(Referring expression grounding data)
○ ○ ○ ○ ○ ○ ○
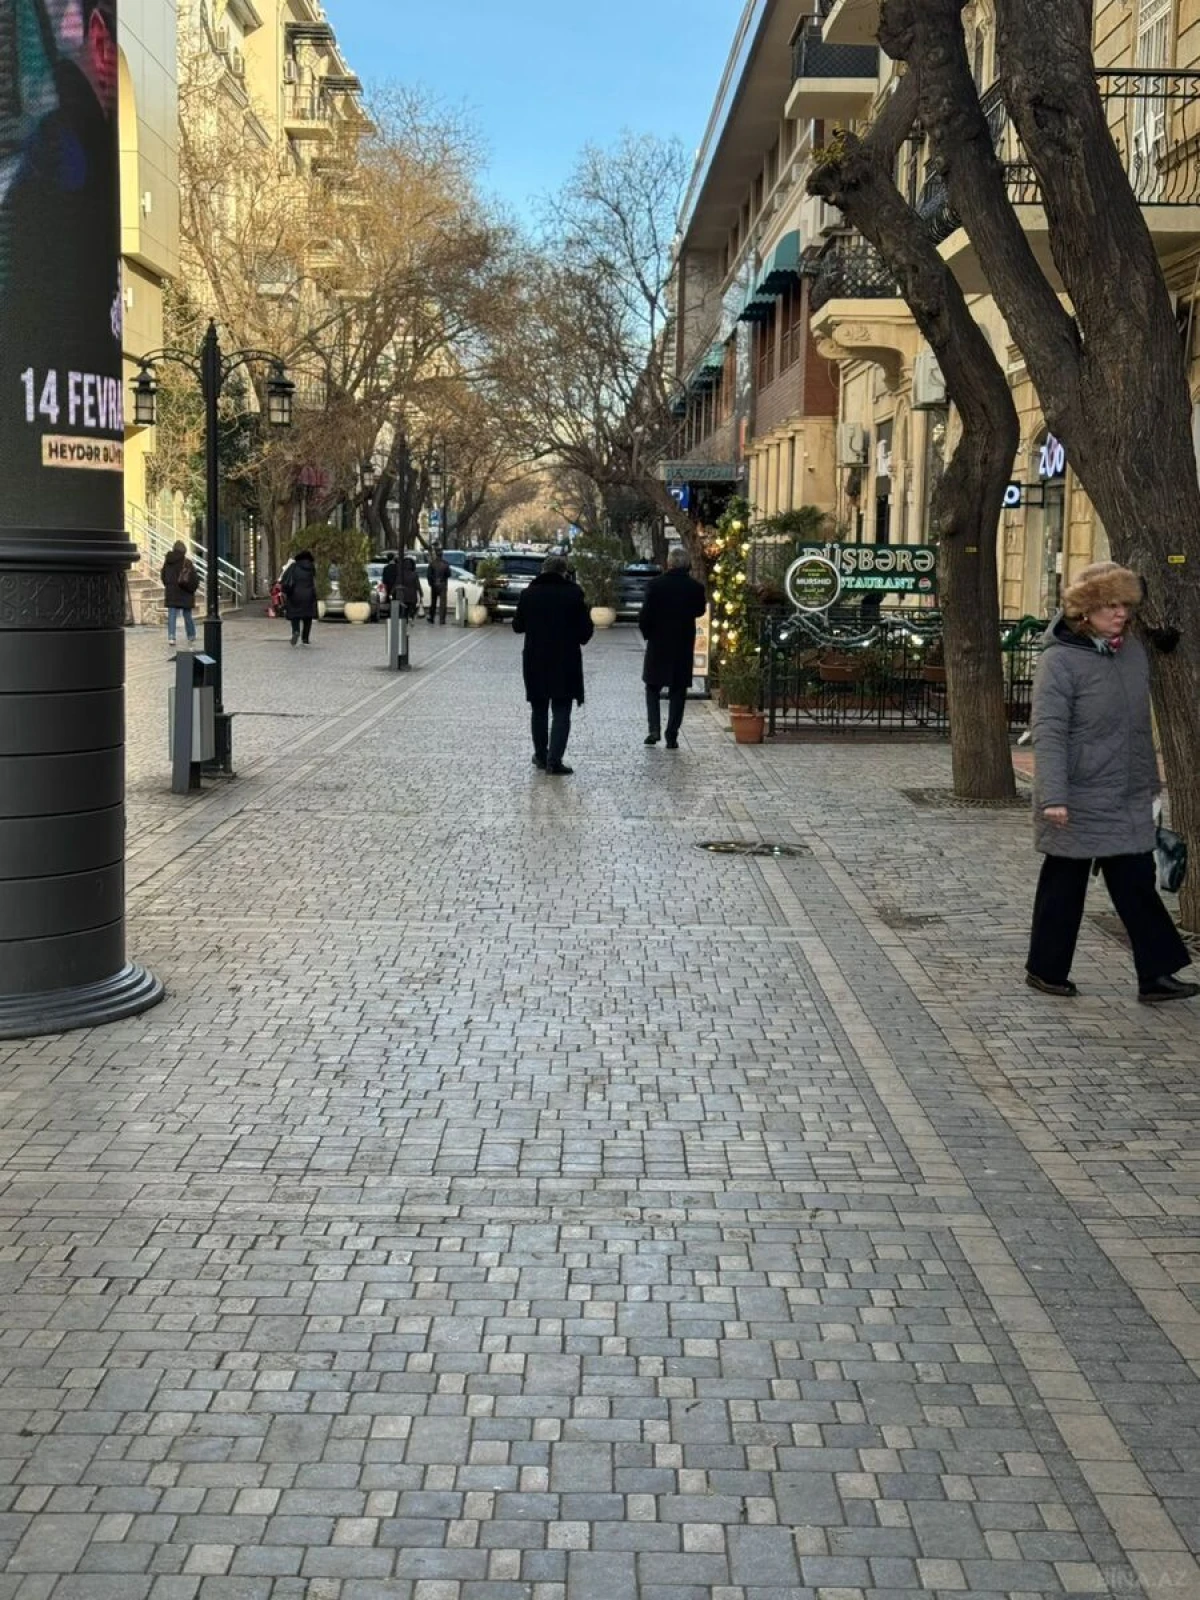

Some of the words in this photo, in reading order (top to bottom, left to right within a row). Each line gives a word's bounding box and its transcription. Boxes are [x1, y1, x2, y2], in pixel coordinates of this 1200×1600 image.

[21, 367, 60, 424] 14
[48, 442, 101, 461] HEYDƏR
[796, 577, 832, 585] MURSHID
[840, 576, 916, 589] STAURANT
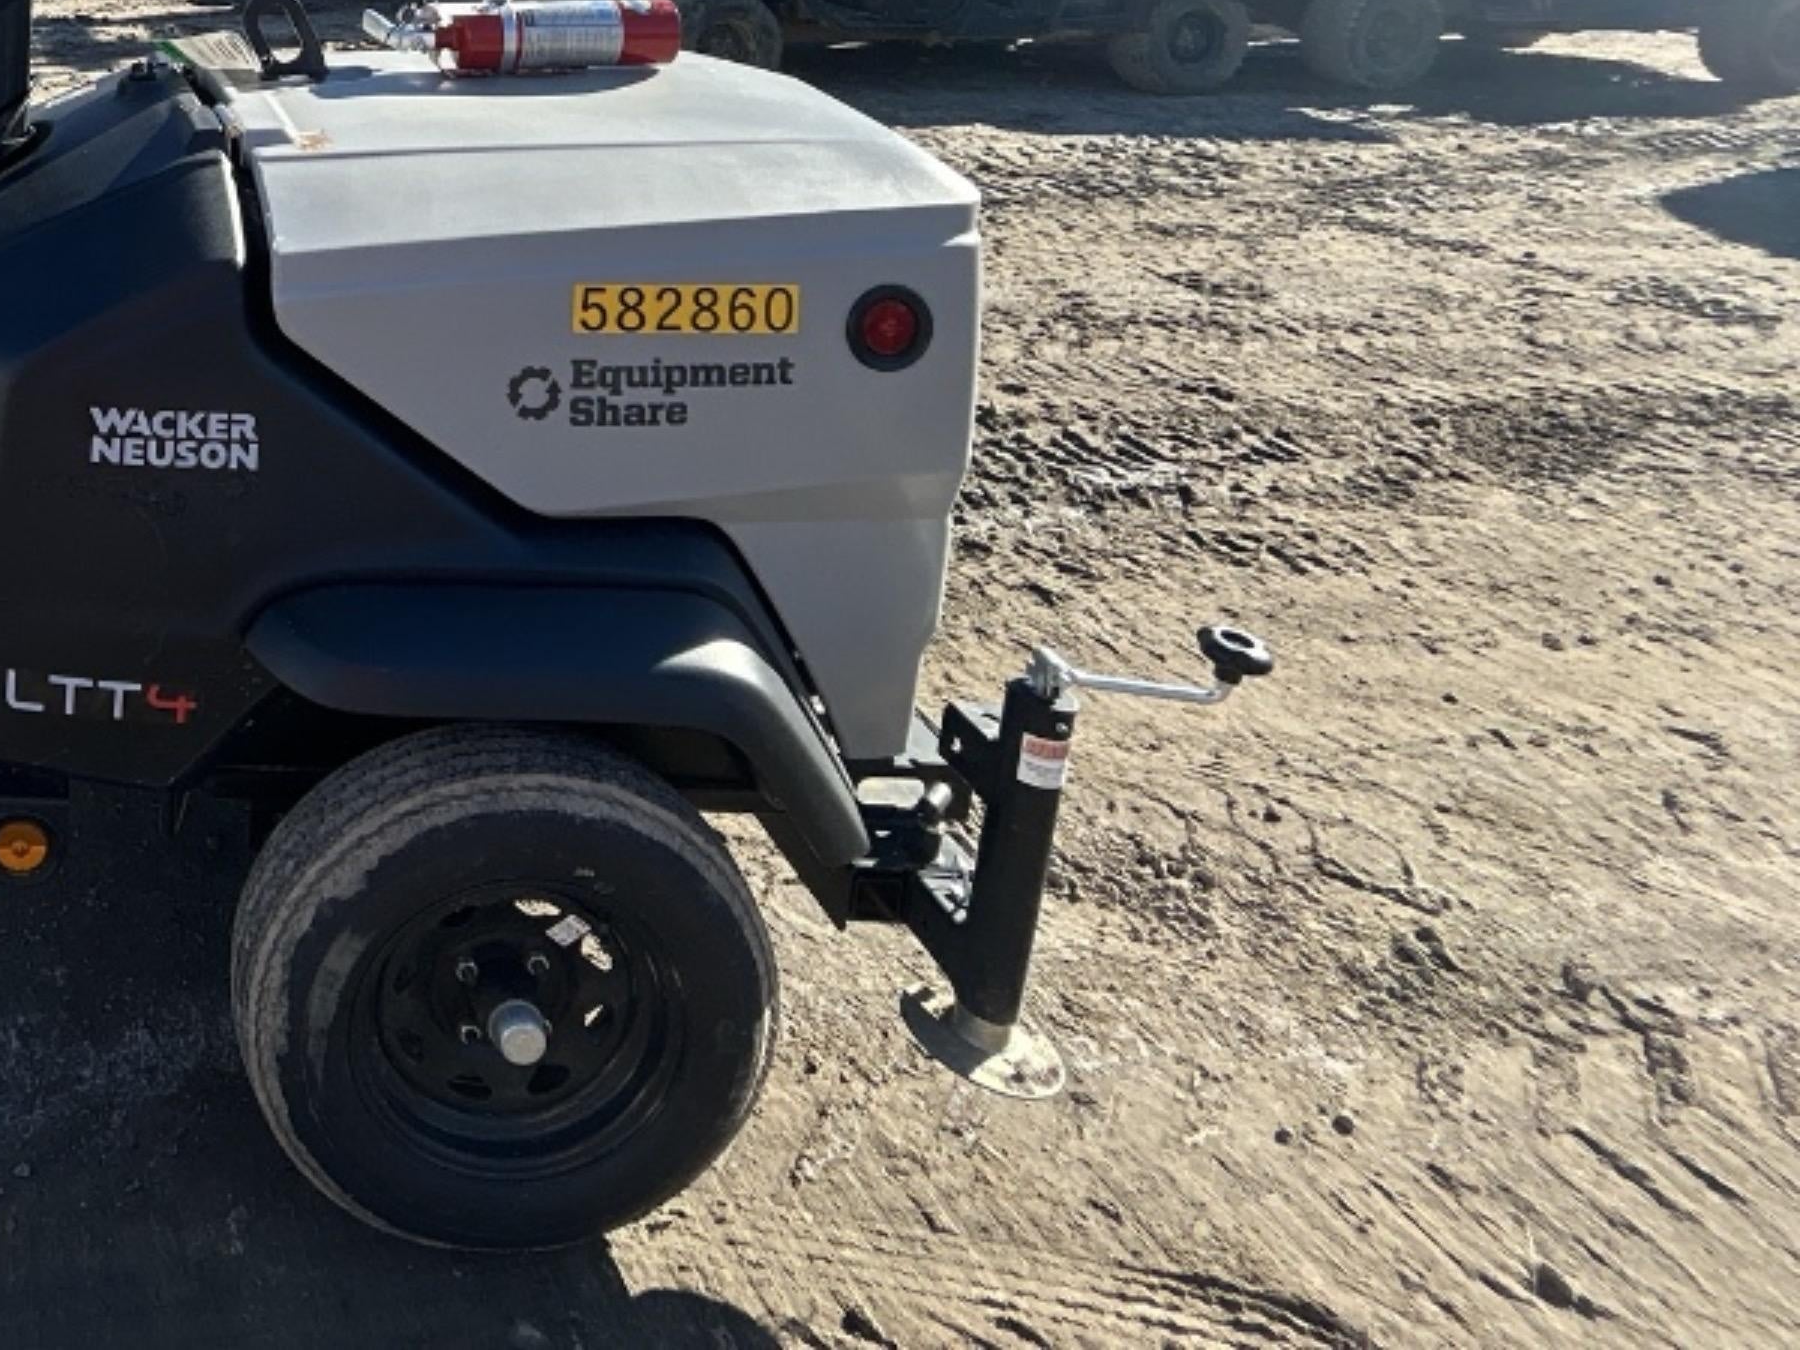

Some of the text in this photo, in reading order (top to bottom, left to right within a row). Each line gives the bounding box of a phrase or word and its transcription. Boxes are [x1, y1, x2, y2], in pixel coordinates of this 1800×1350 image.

[579, 286, 795, 332] 582860
[569, 357, 795, 396] Equipment
[89, 407, 259, 441] WACKER
[569, 396, 688, 427] Share
[89, 436, 259, 471] NEUSON
[5, 668, 197, 724] LTT4
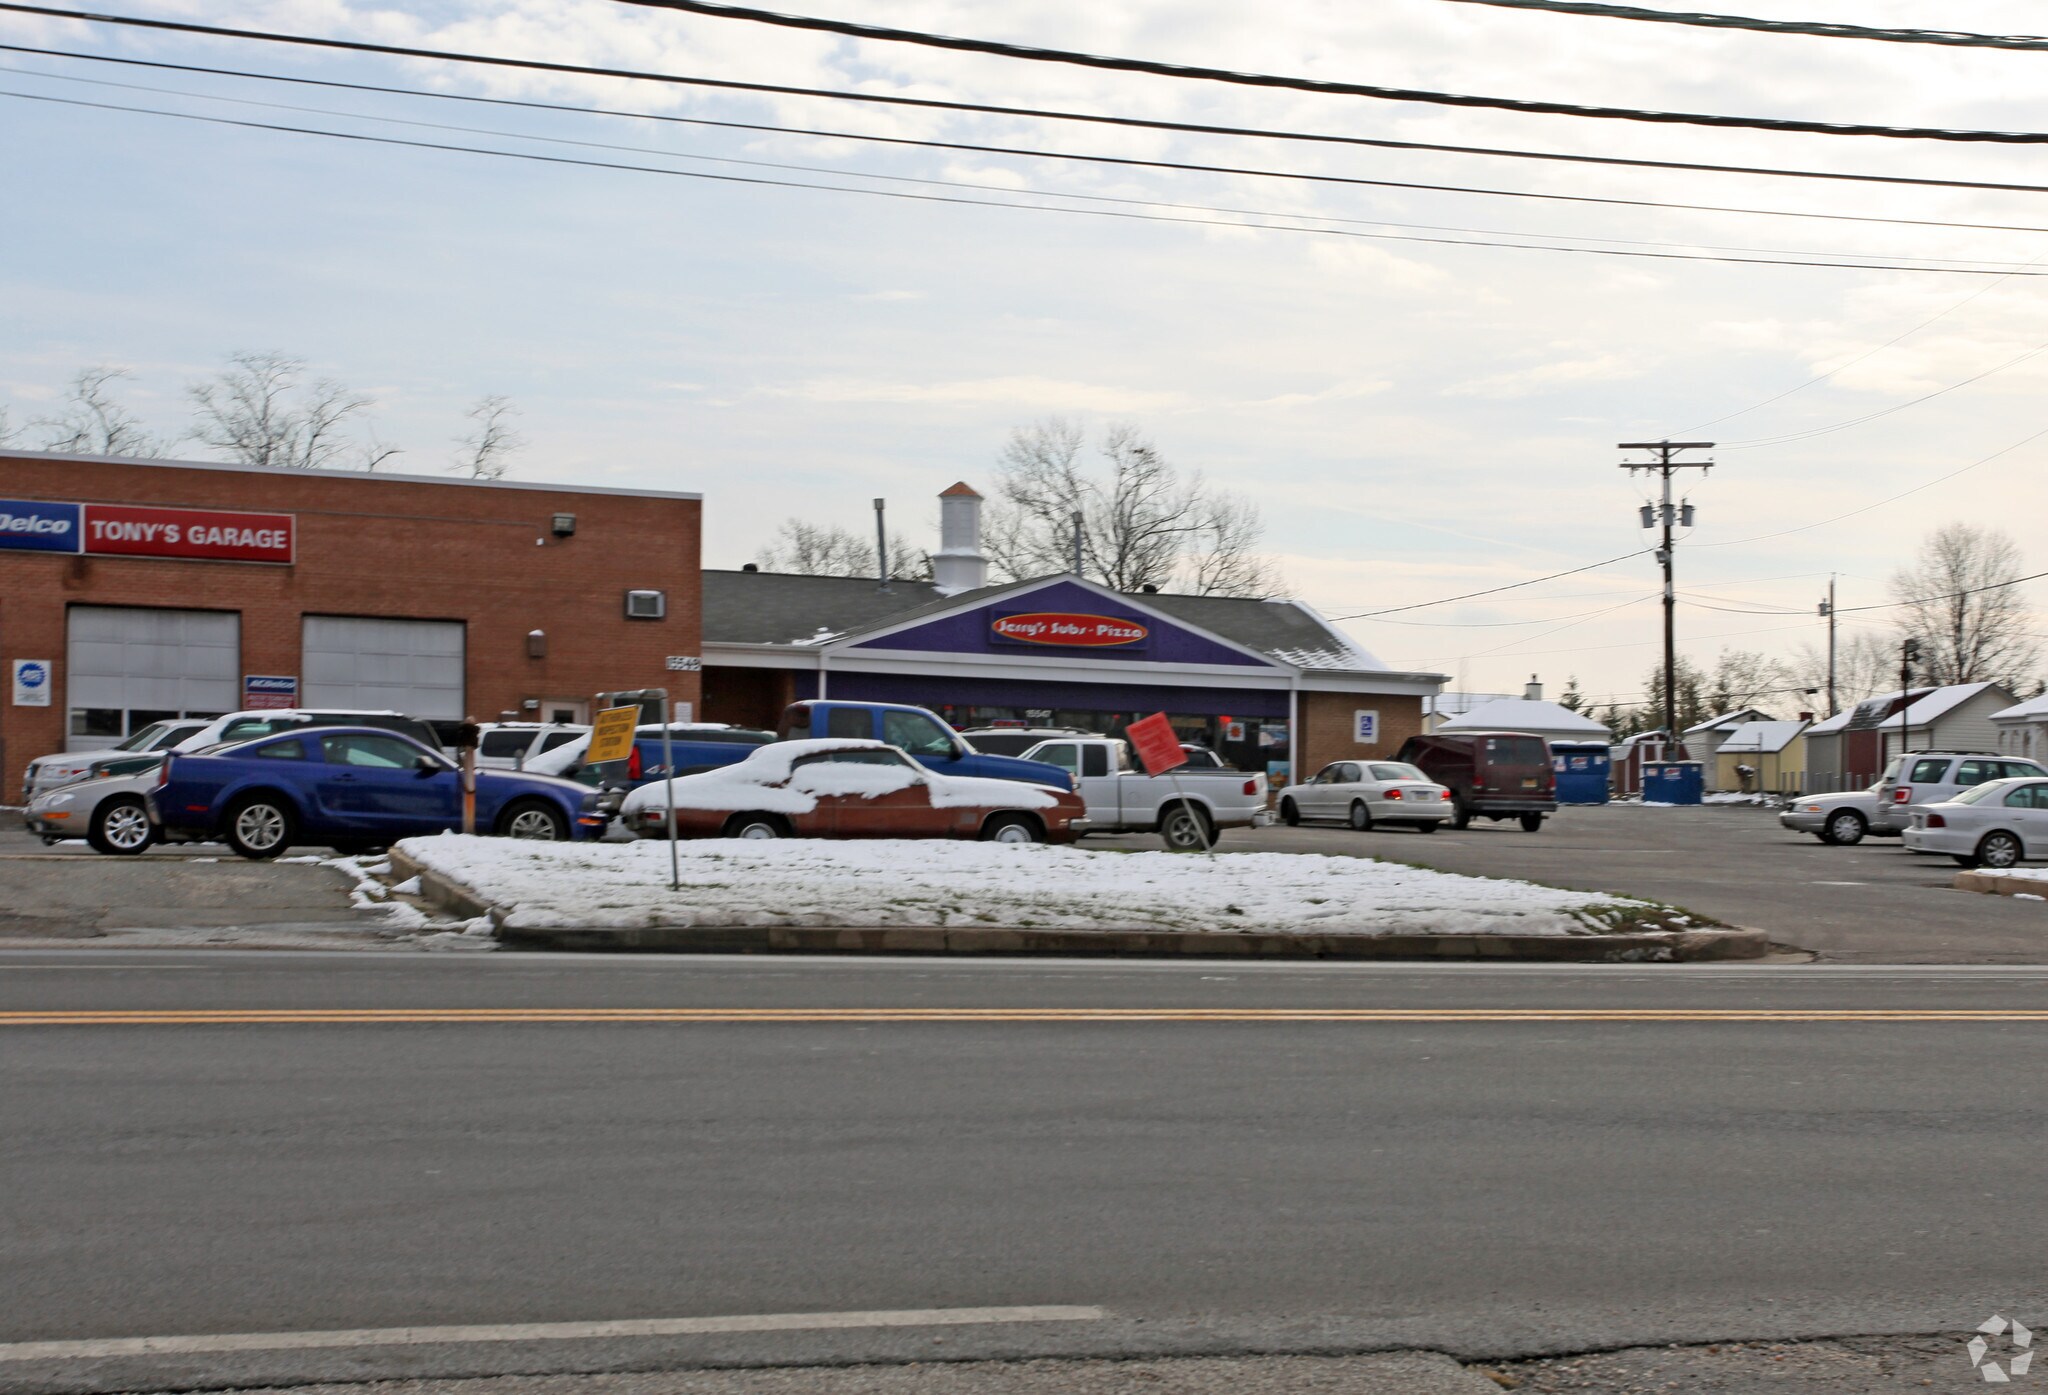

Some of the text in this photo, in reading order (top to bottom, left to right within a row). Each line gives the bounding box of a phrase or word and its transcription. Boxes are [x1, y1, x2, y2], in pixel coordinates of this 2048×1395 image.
○ ○ ○ ○ ○ ○ ○
Exercise objective |
Each record above must be retyped exactly. Omit the pictures.

Task solution |
Some of the words in this photo, in reading order (top to bottom, left to right within a row). Each line gives a word's bounding box and its transcription. Boxes are [x1, y1, x2, y2], in pixel coordinates of this 1200×1600 image.

[21, 367, 60, 424] 14
[48, 442, 101, 461] HEYDƏR
[796, 577, 832, 585] MURSHID
[840, 576, 916, 589] STAURANT

Some of the text in this photo, in reading order (top to bottom, left to right within a row). Each line gives the bounding box of a phrase or word and its transcription. Boxes are [x1, y1, x2, y2], in pixel coordinates of this 1800×1350 image.

[579, 286, 795, 332] 582860
[569, 357, 795, 396] Equipment
[89, 407, 259, 441] WACKER
[569, 396, 688, 427] Share
[89, 436, 259, 471] NEUSON
[5, 668, 197, 724] LTT4

Some of the text in this photo, in reading order (top to bottom, left to right within a row). Each line gives the bounding box of a phrase or word and its transcription. Boxes are [x1, y1, x2, y2], in pixel coordinates of this 2048×1395 image.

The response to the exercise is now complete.